Es wurden zwei Alltagsszenarien untersucht, deren Rechtsgrundlage in den
letzten Jahren reformiert wurde. In beiden Szenarien hat der europäische
Gesetzgeber das Ziel, den Verbraucherschutz zu stärken, und gleichzeitig
Innovationen aktiv zu fördern und letztlich den Wettbewerb zu stärken. Die
Digitalisierung von Geschäftsprozessen stellt Verbraucherinnen und
Verbraucher vor neue Herausforderungen, denen nunmehr mit Rechten begegnet
wurde.
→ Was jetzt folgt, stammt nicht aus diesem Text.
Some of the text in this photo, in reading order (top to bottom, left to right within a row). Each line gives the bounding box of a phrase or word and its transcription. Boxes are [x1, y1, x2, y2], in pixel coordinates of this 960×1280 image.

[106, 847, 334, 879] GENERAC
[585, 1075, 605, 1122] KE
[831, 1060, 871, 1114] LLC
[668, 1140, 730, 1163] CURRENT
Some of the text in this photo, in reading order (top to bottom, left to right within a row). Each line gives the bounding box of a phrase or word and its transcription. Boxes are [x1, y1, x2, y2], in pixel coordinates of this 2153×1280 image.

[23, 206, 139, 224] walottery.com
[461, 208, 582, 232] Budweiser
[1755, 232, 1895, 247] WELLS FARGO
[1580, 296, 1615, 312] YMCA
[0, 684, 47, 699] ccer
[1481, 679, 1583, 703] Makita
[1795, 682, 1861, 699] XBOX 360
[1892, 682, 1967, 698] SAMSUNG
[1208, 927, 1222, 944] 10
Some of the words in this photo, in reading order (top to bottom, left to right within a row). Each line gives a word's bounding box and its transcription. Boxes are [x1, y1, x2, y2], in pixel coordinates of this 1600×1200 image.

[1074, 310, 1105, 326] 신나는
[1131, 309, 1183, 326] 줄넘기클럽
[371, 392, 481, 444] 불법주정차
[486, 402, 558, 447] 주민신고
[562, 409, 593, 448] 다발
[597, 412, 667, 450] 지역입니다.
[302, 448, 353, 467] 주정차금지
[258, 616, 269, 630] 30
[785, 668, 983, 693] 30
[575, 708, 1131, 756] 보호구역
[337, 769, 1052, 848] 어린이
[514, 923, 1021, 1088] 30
Die Studie dokumentiert jedoch eine mangelnde Bekanntheit der
Neuerungen. Es besteht die Gefahr, dass die vom Gesetzgeber intendierten
Effekte ausbleiben.

Kontowechselservice

Gemäß der Zweiten Zahlungsdiensterichtlinie (PSD2), die 2018 in deutsches
Recht implementiert wurde, sind Banken dazu verpflichtet, Kontodaten über
Schnittstellen für andere Bezahl- und Informationsdienstleister zu öffnen.
Das soll etwa den Kontowechsel erleichtern. Insgesamt sollten damit
Innovationen im Finanzbereich gefördert und der Wettbewerb gestärkt
werden.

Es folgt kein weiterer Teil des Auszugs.